Data entries
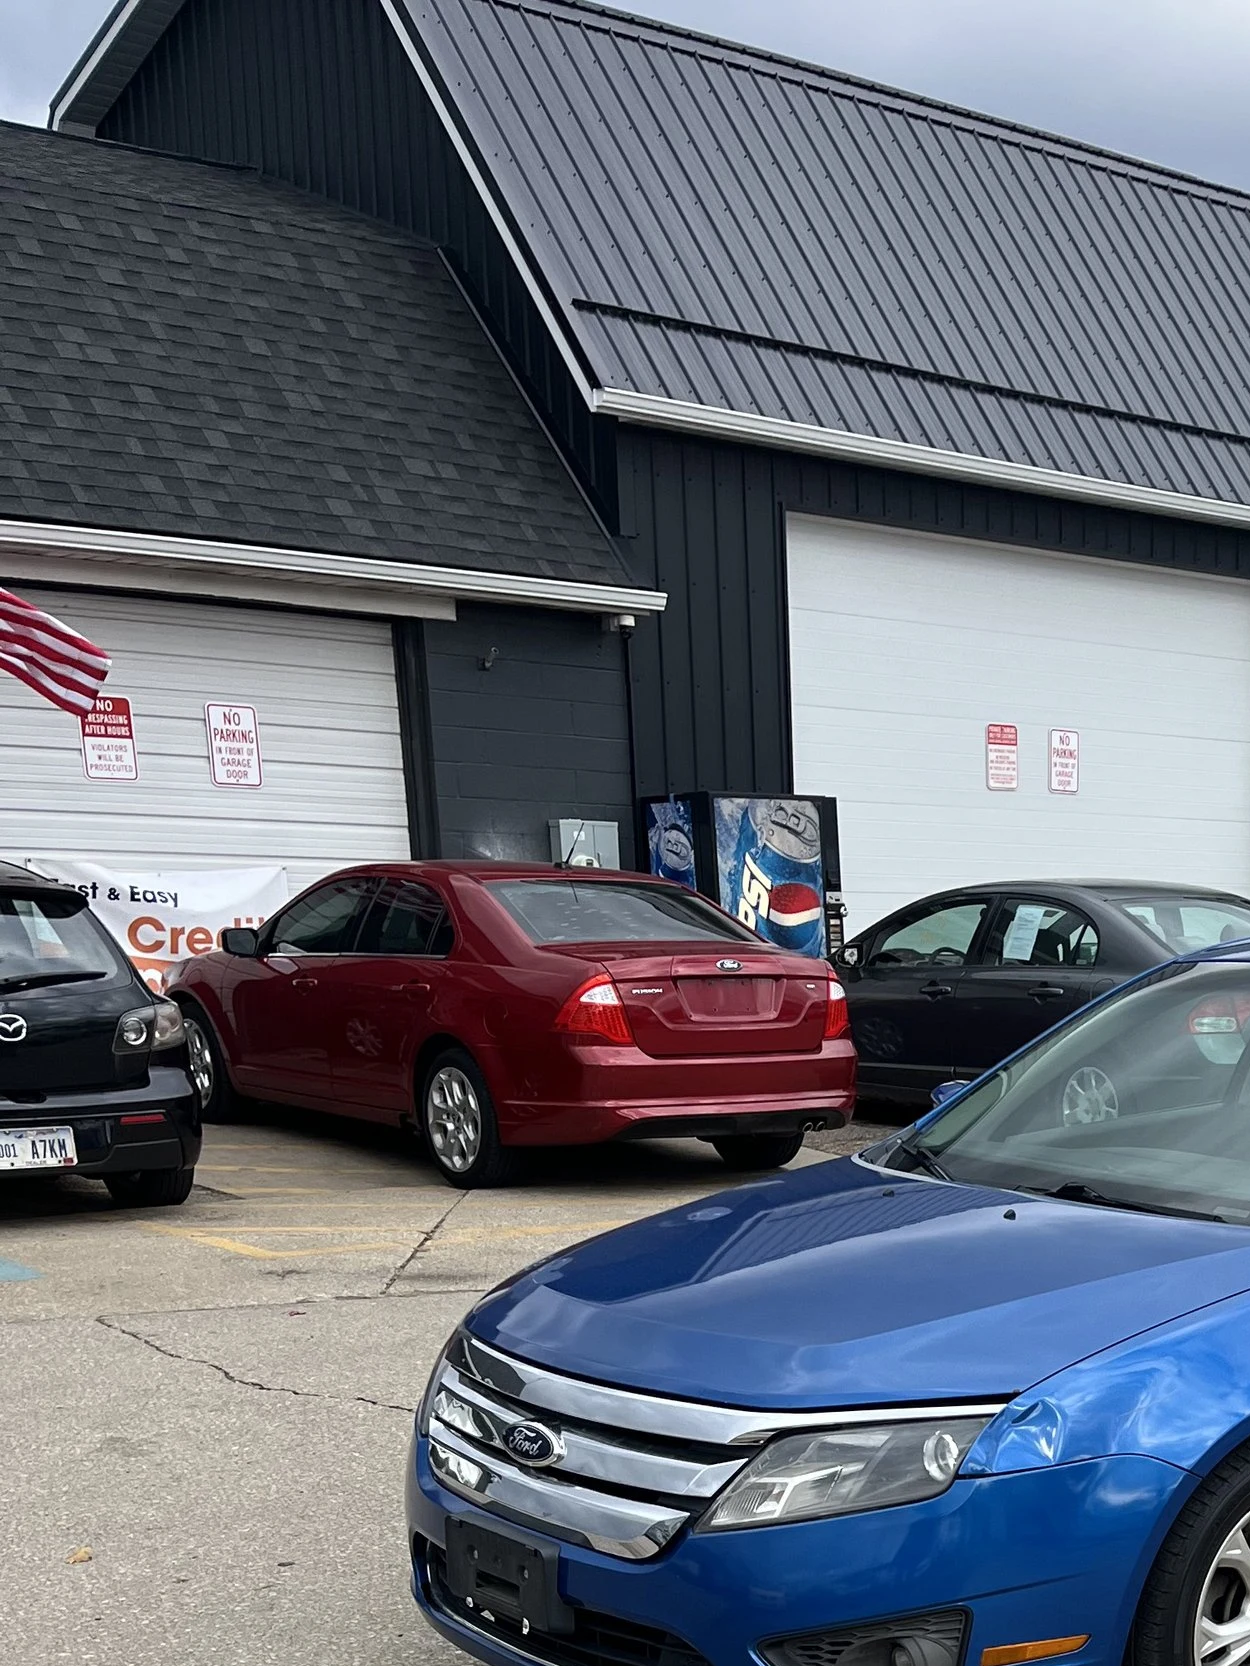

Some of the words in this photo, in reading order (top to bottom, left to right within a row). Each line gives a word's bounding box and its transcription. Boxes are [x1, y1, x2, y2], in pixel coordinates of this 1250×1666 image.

[95, 699, 113, 712] NO
[85, 713, 128, 725] RESPASSING
[223, 711, 241, 726] NO
[85, 724, 106, 735] AFTER
[106, 726, 130, 736] HOURS
[213, 728, 254, 744] PARKING
[1059, 735, 1071, 746] NO
[91, 743, 128, 753] VIOLATORS
[215, 746, 222, 755] IN
[225, 746, 244, 756] FRONT
[247, 747, 255, 757] OF
[1053, 747, 1076, 760] PARKING
[97, 754, 113, 762] WILL
[115, 754, 125, 763] BE
[220, 757, 252, 769] GARAGE
[90, 763, 133, 773] PROSECUTED
[1055, 769, 1073, 779] GARAGE
[226, 769, 249, 780] DOOR
[1057, 779, 1071, 787] DOOR
[107, 887, 120, 901] &
[129, 885, 178, 908] Easy
[738, 852, 772, 931] PSI
[127, 916, 264, 955] Cre
[508, 1427, 543, 1456] Ford
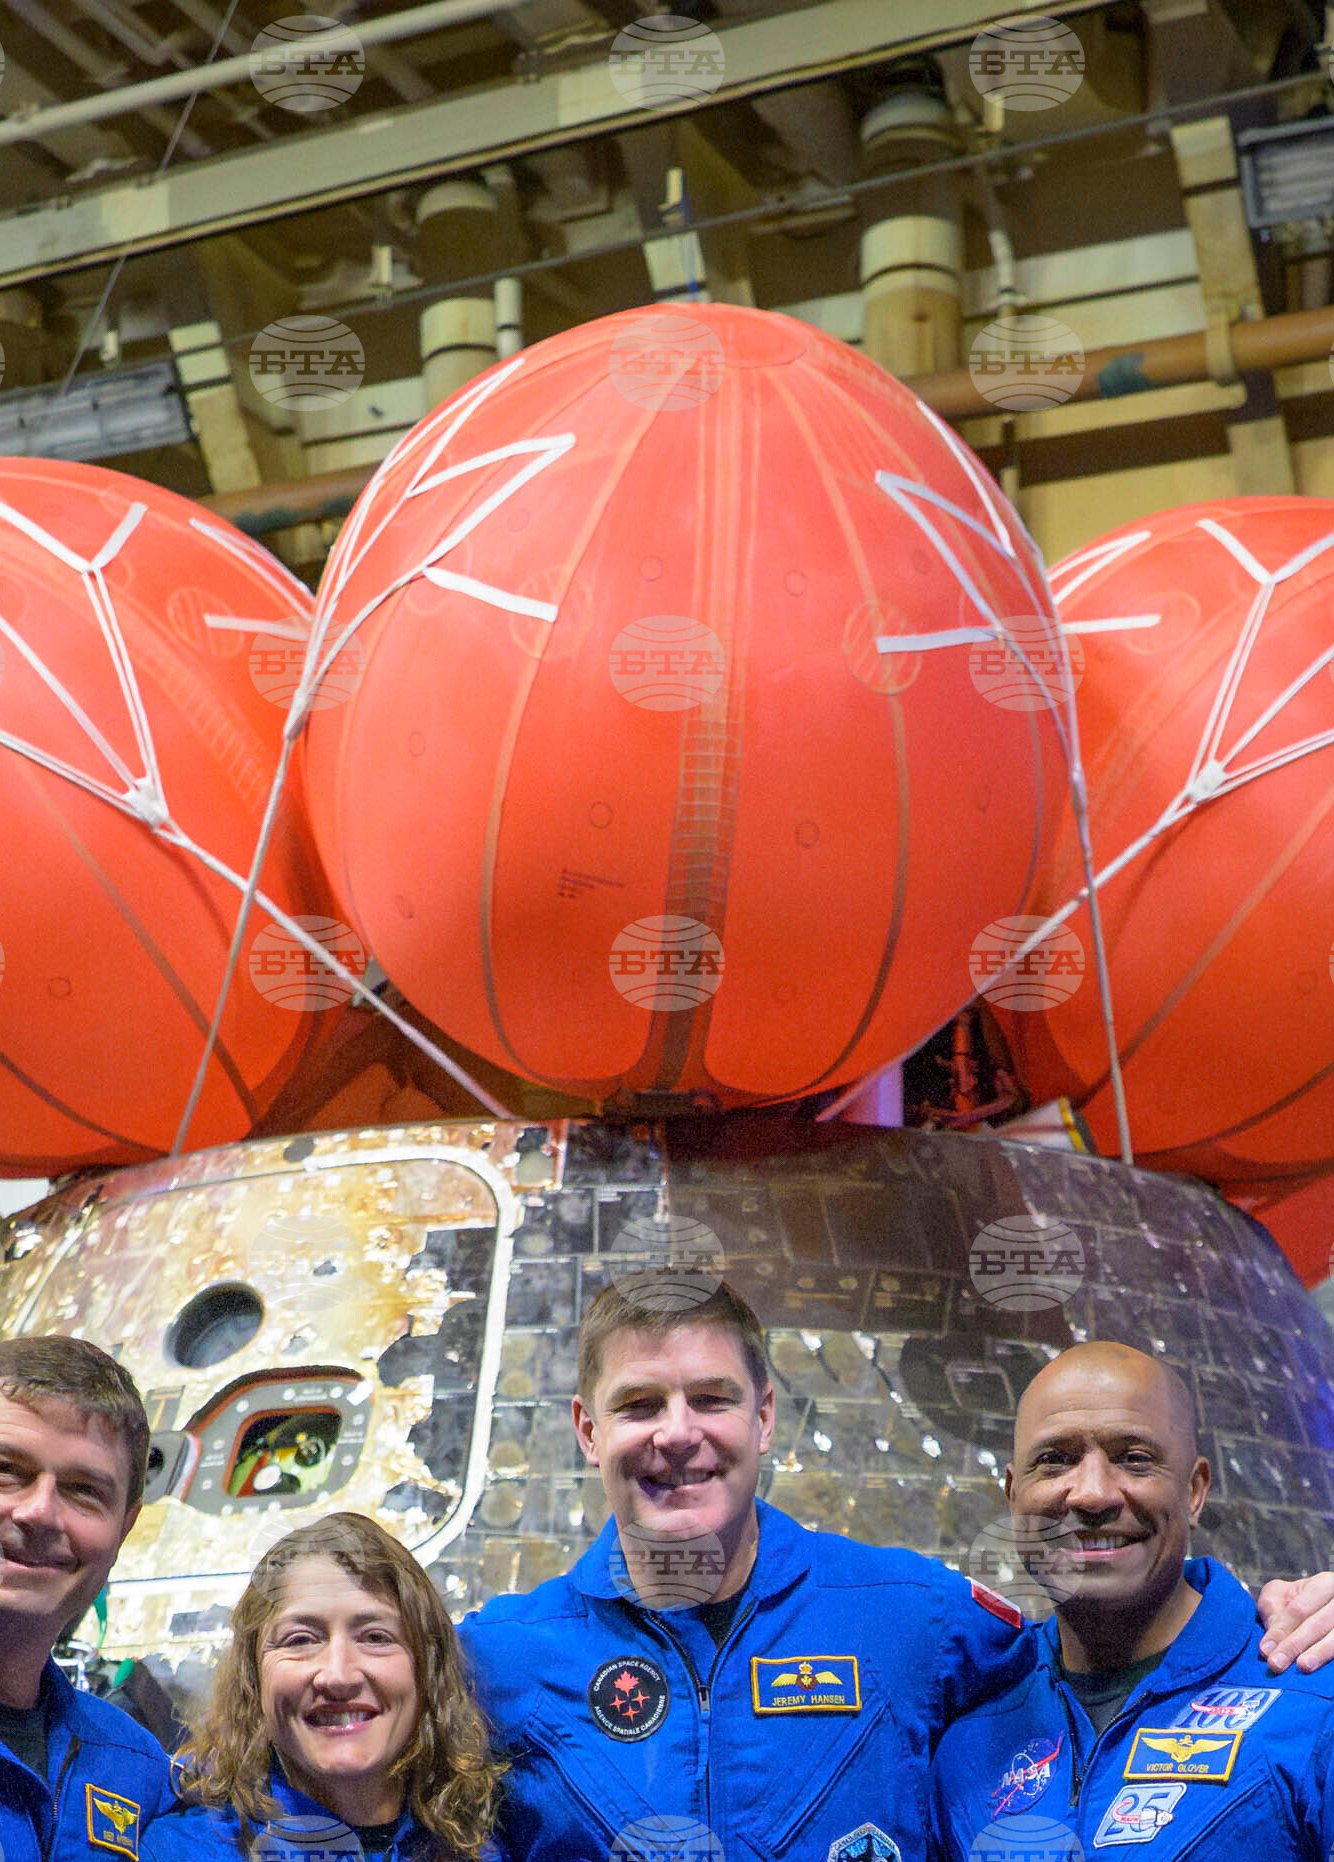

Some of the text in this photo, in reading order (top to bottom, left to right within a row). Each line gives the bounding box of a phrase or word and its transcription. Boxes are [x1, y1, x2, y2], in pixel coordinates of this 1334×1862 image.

[593, 1660, 662, 1692] CANADIAN SPACE AGENCY
[594, 1694, 666, 1736] AGENCE SPATIALE CANADIENNE
[771, 1695, 846, 1707] JEREMY HANSEN
[1176, 1689, 1272, 1730] 100
[1001, 1762, 1052, 1788] NASA
[1146, 1763, 1210, 1773] VICTOR GLOVER
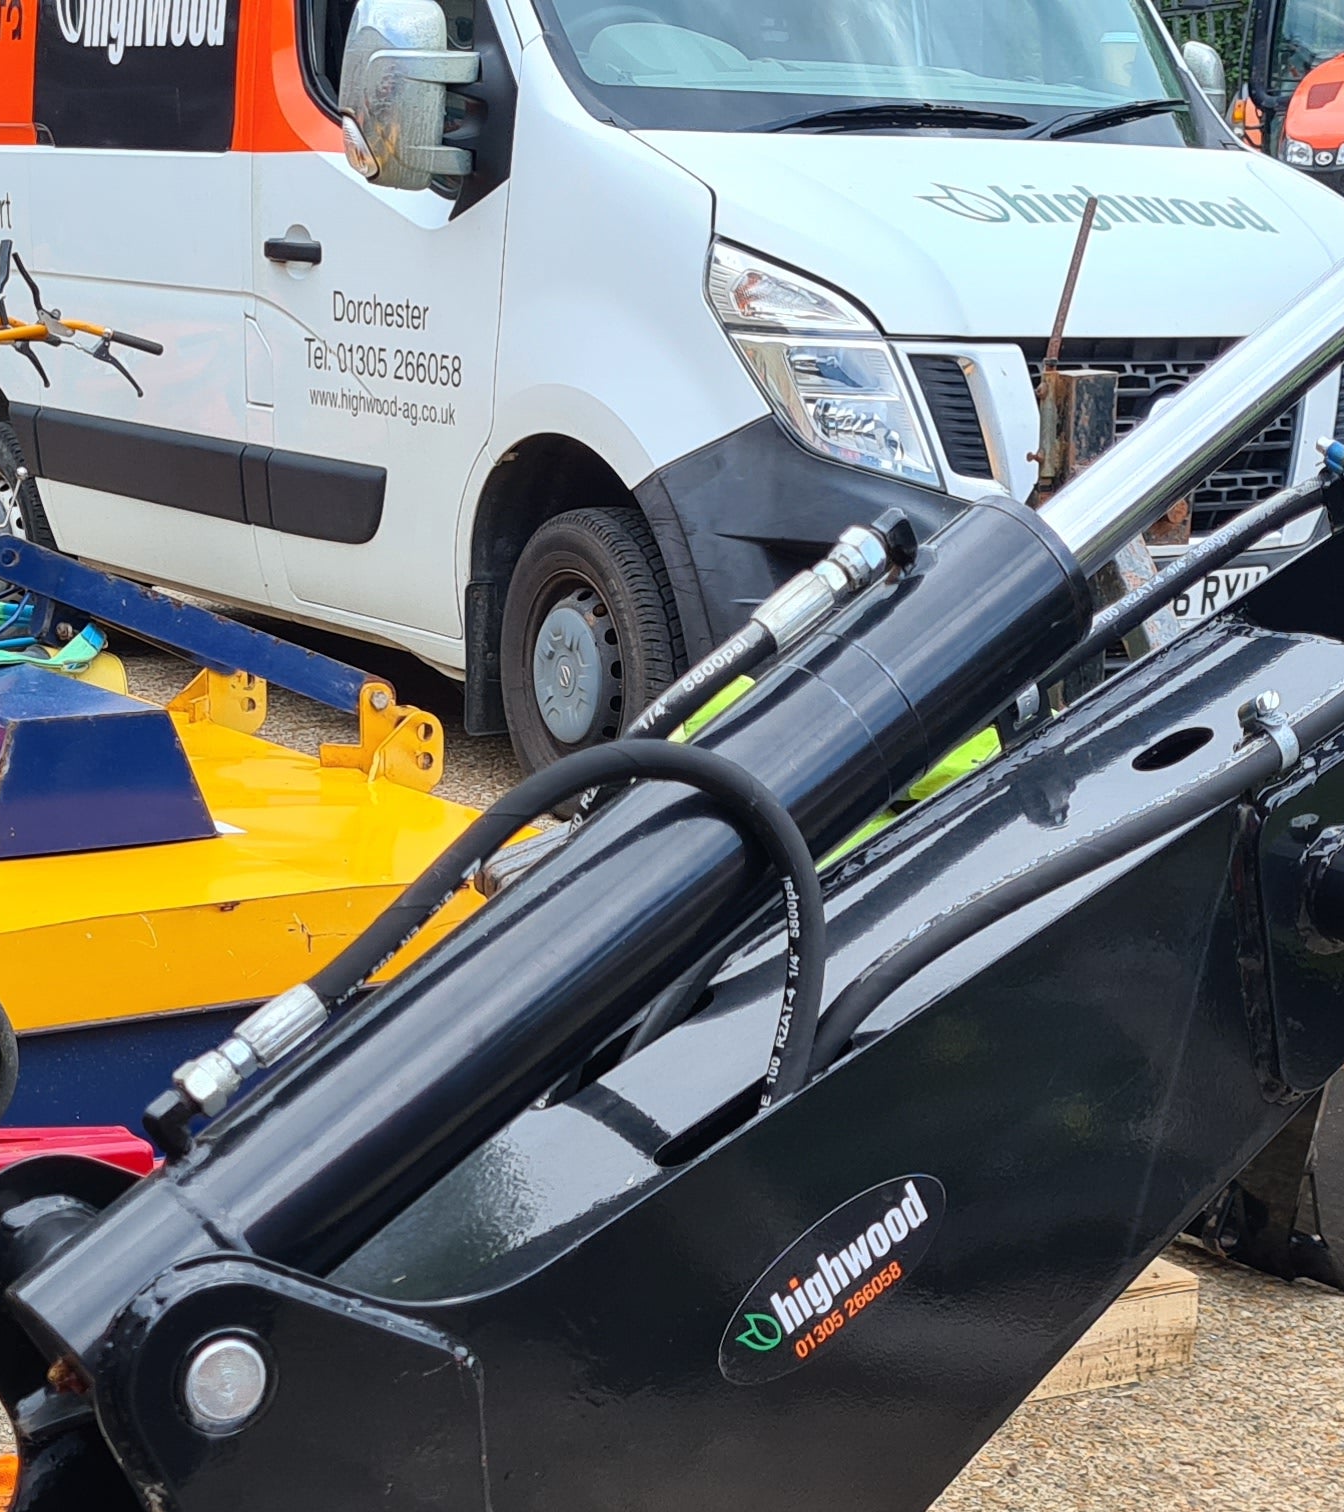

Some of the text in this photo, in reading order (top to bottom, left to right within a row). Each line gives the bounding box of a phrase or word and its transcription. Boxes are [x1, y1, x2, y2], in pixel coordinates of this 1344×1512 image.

[332, 289, 430, 331] Dorchester
[336, 342, 388, 379] 01305
[393, 348, 463, 389] 266058
[308, 387, 457, 427] www.highwood-ag.co.uk
[765, 1055, 782, 1085] 100
[769, 1179, 929, 1336] highwood
[794, 1260, 903, 1359] 01305 266058

= About this exercise =
Only the records, copied exactly and without pictures, should make up the answer.

= Written response =
Some of the words in this photo, in reading order (top to bottom, left to right within a row). Each line gives a word's bounding box and its transcription. Boxes are [x1, y1, x2, y2], in pixel coordinates of this 1250×1666 image.

[95, 699, 113, 712] NO
[85, 713, 128, 725] RESPASSING
[223, 711, 241, 726] NO
[85, 724, 106, 735] AFTER
[106, 726, 130, 736] HOURS
[213, 728, 254, 744] PARKING
[1059, 735, 1071, 746] NO
[91, 743, 128, 753] VIOLATORS
[215, 746, 222, 755] IN
[225, 746, 244, 756] FRONT
[247, 747, 255, 757] OF
[1053, 747, 1076, 760] PARKING
[97, 754, 113, 762] WILL
[115, 754, 125, 763] BE
[220, 757, 252, 769] GARAGE
[90, 763, 133, 773] PROSECUTED
[1055, 769, 1073, 779] GARAGE
[226, 769, 249, 780] DOOR
[1057, 779, 1071, 787] DOOR
[107, 887, 120, 901] &
[129, 885, 178, 908] Easy
[738, 852, 772, 931] PSI
[127, 916, 264, 955] Cre
[508, 1427, 543, 1456] Ford

Some of the text in this photo, in reading order (top to bottom, left to right within a row). Each line gives the bounding box of a phrase or word and its transcription. Boxes are [x1, y1, x2, y2], in pixel coordinates of this 1334×1862 image.

[593, 1660, 662, 1692] CANADIAN SPACE AGENCY
[594, 1694, 666, 1736] AGENCE SPATIALE CANADIENNE
[771, 1695, 846, 1707] JEREMY HANSEN
[1176, 1689, 1272, 1730] 100
[1001, 1762, 1052, 1788] NASA
[1146, 1763, 1210, 1773] VICTOR GLOVER

Some of the text in this photo, in reading order (top to bottom, left to right within a row). Each line gives the bounding box of a phrase or word and its transcription. Boxes are [x1, y1, x2, y2], in pixel coordinates of this 1344×1512 image.

[332, 289, 430, 331] Dorchester
[336, 342, 388, 379] 01305
[393, 348, 463, 389] 266058
[308, 387, 457, 427] www.highwood-ag.co.uk
[765, 1055, 782, 1085] 100
[769, 1179, 929, 1336] highwood
[794, 1260, 903, 1359] 01305 266058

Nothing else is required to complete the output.